When asked what advice he’d give to students contemplating attending North Central, he replied, “Community colleges are a great opportunity to learn skills which make you employable, without the large school tuition. North Central has a great faculty with a small town touch that will enable you to progress in your career.” He adds, “Also the intramural basketball and other sports leagues are always a great time at the campus gym.”
Nick continues, “Find your passion. The overused quote about never working a day in your life when you enjoy what you do isn’t completely true, or Monday’s wouldn’t exist. However, working in a field you’re passionate about goes a long way and is the common trait I’ve found in every great IT engineer I’ve worked with. It makes it easier to continue to learn and develop your skills during the hours when you’d rather be watching Netflix, and those little things help separate good and great professionals in their field.”
jerry donnelly - 1966
I was very lucky to have North Central Michigan College available to me in the winter semester of 1964. I had wasted my scholarship at Central Michigan University by not carrying a 2.5 required GPA in the fall semester of 1963. It was one of those life-altering moments when your life changes directions. I immediately had to find a job and a college education at the same time. I was very lucky to find both in Petoskey. While staying at home and working delivering milk for the R&S Dairy from 4:30 a.m. until 12:30 p.m.
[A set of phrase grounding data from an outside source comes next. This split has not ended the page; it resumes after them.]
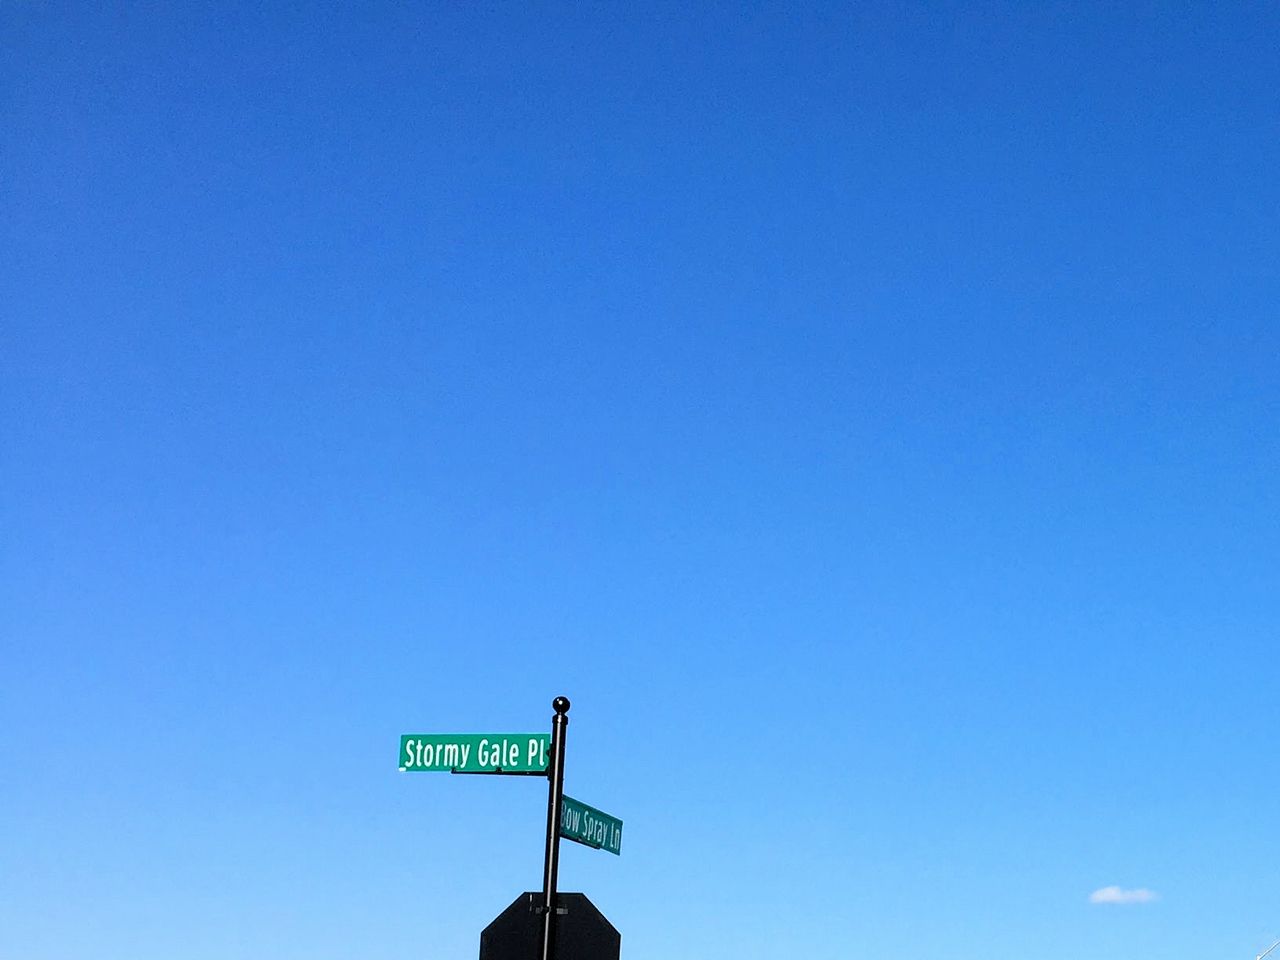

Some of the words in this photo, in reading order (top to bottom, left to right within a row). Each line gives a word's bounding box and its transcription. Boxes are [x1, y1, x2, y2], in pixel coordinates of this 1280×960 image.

[405, 740, 470, 768] Stormy
[478, 739, 519, 767] Gale
[527, 739, 545, 767] Pl
[583, 810, 608, 847] Spray
[610, 822, 621, 850] Ln
Monday thru Saturday and then going to North Central from 1:30 p.m. to 5:30 p.m. Monday thru Friday - I had to become very organized. I went to bed every weekday evening at 6:30 p.m., waking up at midnight and studying until 4 p.m. in the morning before going to work. I gained my associate degree in the summer of 1966 from North Central and transferred to Northern Michigan University. Someone was watching over me and helped me turn what could have been a negative situation into a life lesson of moving forward.
I received my Bachelor’s degree from Northern Michigan University during the spring semester of 1968 in secondary education. I spent the next 31 years as a teacher and administrator in the L'Anse Creuse Public Schools. Those experiences I learned in 1964 -1966 by supporting myself while attending North Central created a work ethic which has followed me to this day.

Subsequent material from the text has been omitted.